(Records drawn from a dataset)
================

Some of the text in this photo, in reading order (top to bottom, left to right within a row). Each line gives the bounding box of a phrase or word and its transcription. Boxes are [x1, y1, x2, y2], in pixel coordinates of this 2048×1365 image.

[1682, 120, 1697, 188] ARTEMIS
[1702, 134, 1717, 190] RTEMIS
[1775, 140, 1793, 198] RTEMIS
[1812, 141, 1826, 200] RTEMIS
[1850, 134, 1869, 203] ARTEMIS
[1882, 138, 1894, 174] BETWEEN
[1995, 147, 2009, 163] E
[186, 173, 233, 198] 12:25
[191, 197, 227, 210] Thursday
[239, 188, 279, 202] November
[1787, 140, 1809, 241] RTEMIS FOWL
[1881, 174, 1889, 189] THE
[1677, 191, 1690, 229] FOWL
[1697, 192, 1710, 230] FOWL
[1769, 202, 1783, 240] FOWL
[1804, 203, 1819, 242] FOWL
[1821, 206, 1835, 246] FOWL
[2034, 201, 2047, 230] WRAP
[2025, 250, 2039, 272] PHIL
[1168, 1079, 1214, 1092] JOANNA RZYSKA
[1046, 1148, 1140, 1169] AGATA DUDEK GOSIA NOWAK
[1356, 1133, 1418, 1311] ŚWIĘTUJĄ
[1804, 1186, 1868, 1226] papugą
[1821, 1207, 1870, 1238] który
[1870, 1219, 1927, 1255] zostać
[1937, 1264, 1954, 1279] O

================

REQUIRED WORK:
The records above are to be repeated in full, word for word.

YOUR RESPONSE:
Some of the text in this photo, in reading order (top to bottom, left to right within a row). Each line gives the bounding box of a phrase or word and its transcription. Boxes are [x1, y1, x2, y2], in pixel coordinates of this 2048×1365 image.

[1682, 120, 1697, 188] ARTEMIS
[1702, 134, 1717, 190] RTEMIS
[1775, 140, 1793, 198] RTEMIS
[1812, 141, 1826, 200] RTEMIS
[1850, 134, 1869, 203] ARTEMIS
[1882, 138, 1894, 174] BETWEEN
[1995, 147, 2009, 163] E
[186, 173, 233, 198] 12:25
[191, 197, 227, 210] Thursday
[239, 188, 279, 202] November
[1787, 140, 1809, 241] RTEMIS FOWL
[1881, 174, 1889, 189] THE
[1677, 191, 1690, 229] FOWL
[1697, 192, 1710, 230] FOWL
[1769, 202, 1783, 240] FOWL
[1804, 203, 1819, 242] FOWL
[1821, 206, 1835, 246] FOWL
[2034, 201, 2047, 230] WRAP
[2025, 250, 2039, 272] PHIL
[1168, 1079, 1214, 1092] JOANNA RZYSKA
[1046, 1148, 1140, 1169] AGATA DUDEK GOSIA NOWAK
[1356, 1133, 1418, 1311] ŚWIĘTUJĄ
[1804, 1186, 1868, 1226] papugą
[1821, 1207, 1870, 1238] który
[1870, 1219, 1927, 1255] zostać
[1937, 1264, 1954, 1279] O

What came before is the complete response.